(Your instructions): With the pictures left out, repeat every entry that follows exactly.

(Data shown):
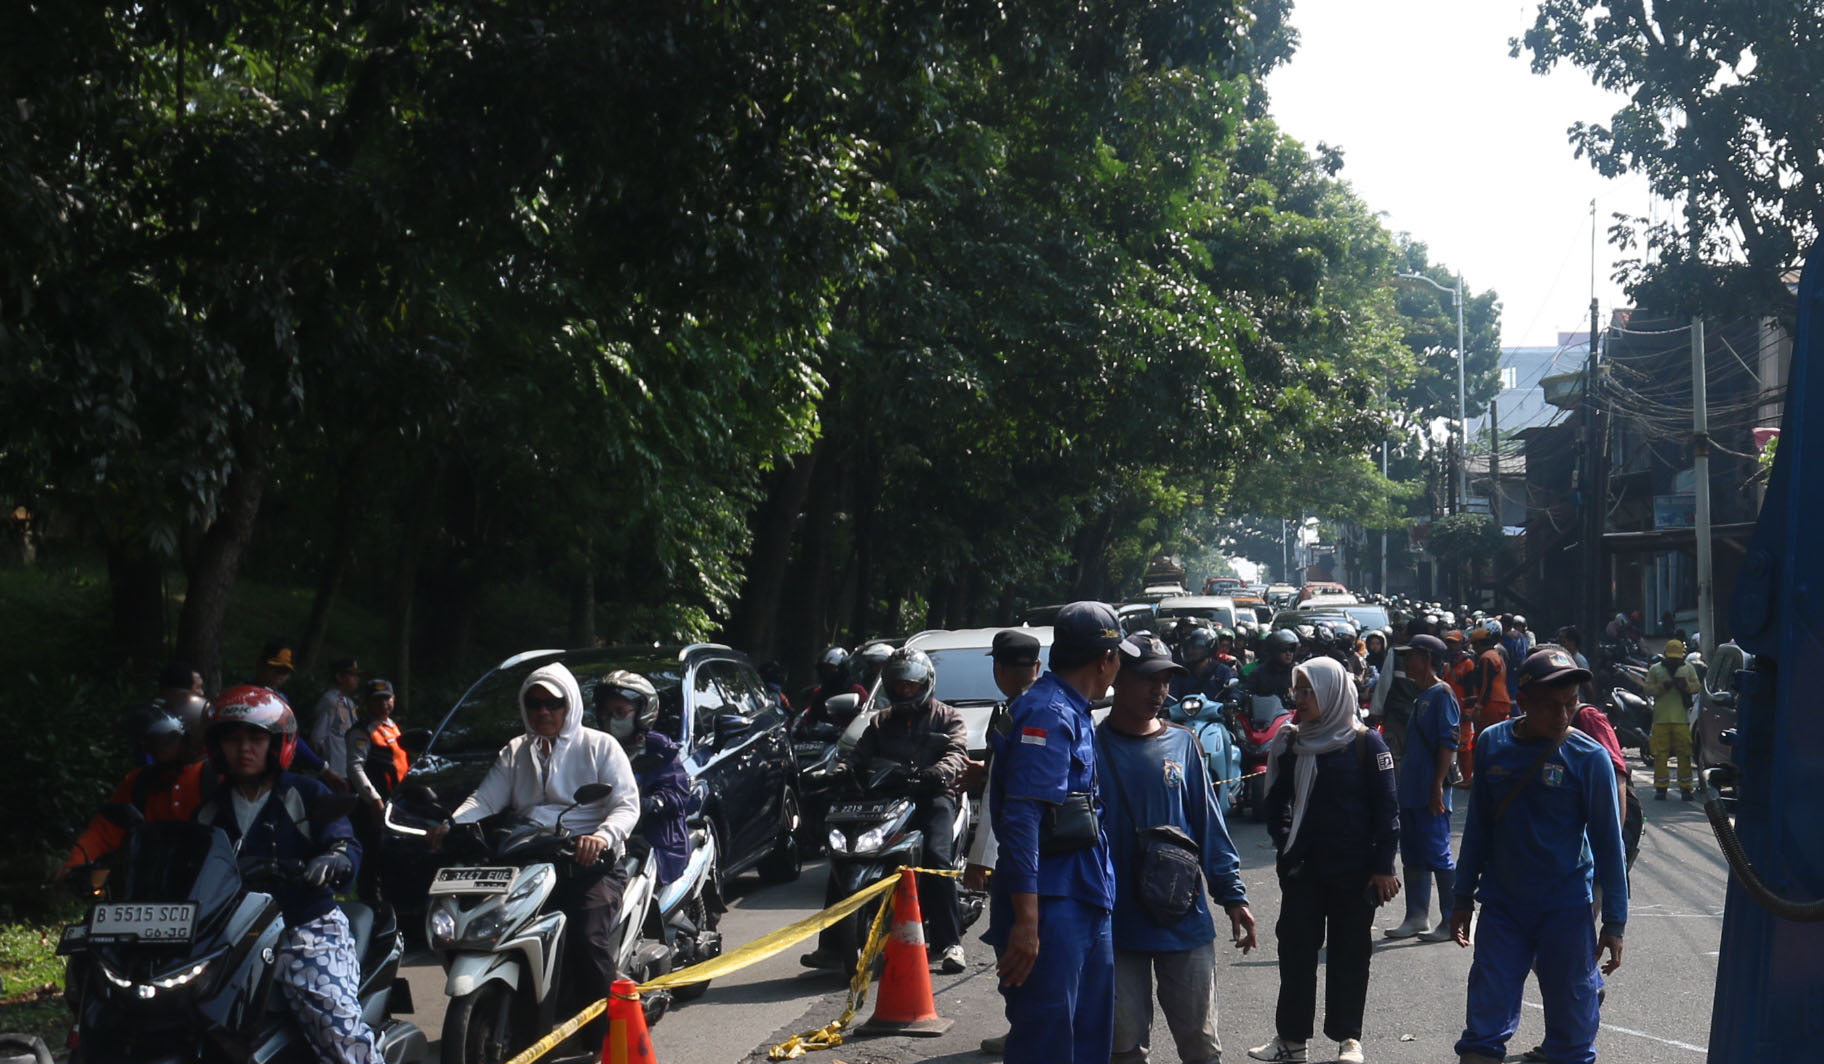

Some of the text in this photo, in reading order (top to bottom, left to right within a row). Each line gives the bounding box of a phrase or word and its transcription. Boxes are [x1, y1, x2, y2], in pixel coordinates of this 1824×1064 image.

[97, 906, 190, 923] B 5515 SCD
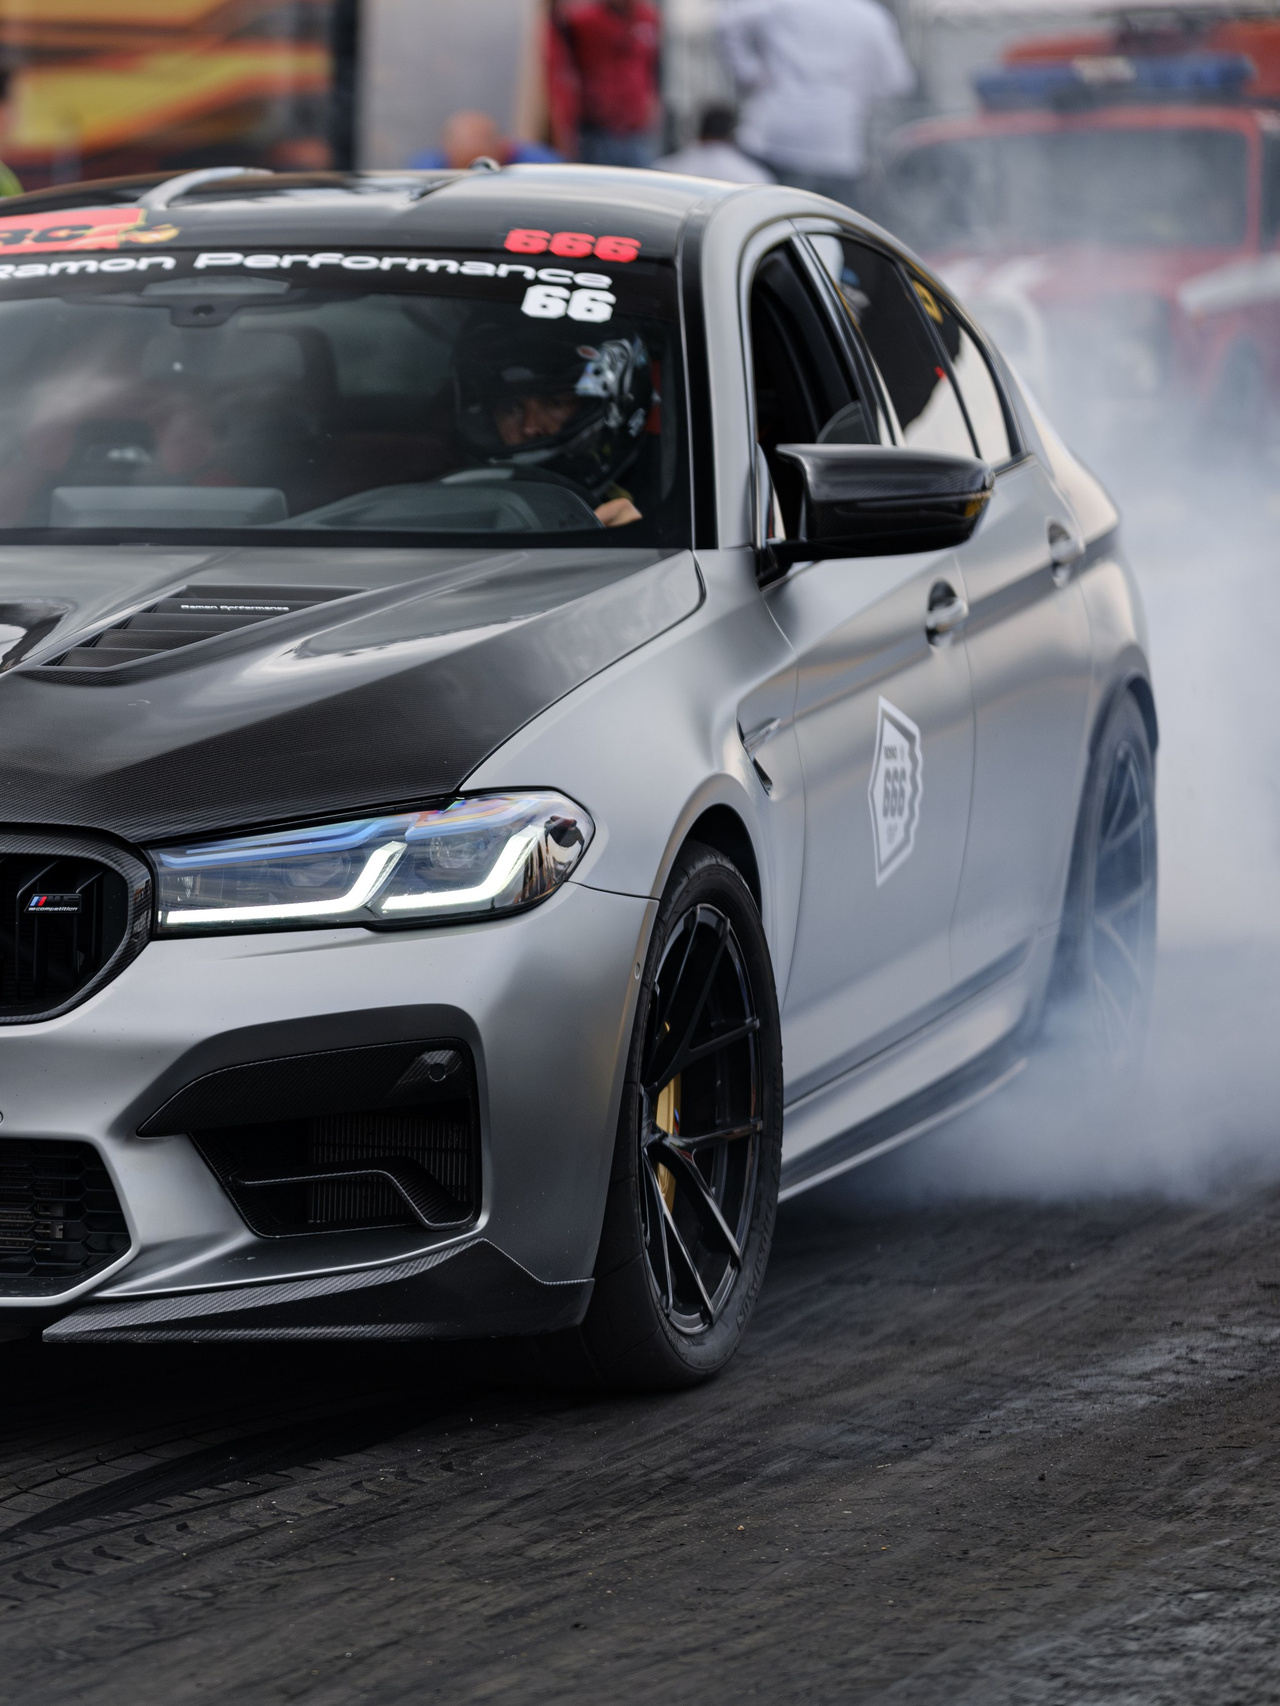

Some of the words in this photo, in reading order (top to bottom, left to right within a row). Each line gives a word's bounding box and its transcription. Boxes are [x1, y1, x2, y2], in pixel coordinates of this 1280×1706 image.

[504, 229, 641, 262] 666
[194, 252, 613, 289] Performance
[521, 284, 616, 323] 66
[882, 766, 907, 819] 666

(Exercise solution):
Some of the text in this photo, in reading order (top to bottom, left to right within a row). Each line gives the bounding box of a phrase or word and its transcription. Boxes are [x1, y1, x2, y2], in pixel coordinates of this 1824×1064 image.

[97, 906, 190, 923] B 5515 SCD

Some of the words in this photo, in reading order (top to bottom, left to right within a row). Each line gives a word's bounding box and its transcription. Boxes are [x1, y1, x2, y2], in pixel coordinates of this 1280×1706 image.

[504, 229, 641, 262] 666
[194, 252, 613, 289] Performance
[521, 284, 616, 323] 66
[882, 766, 907, 819] 666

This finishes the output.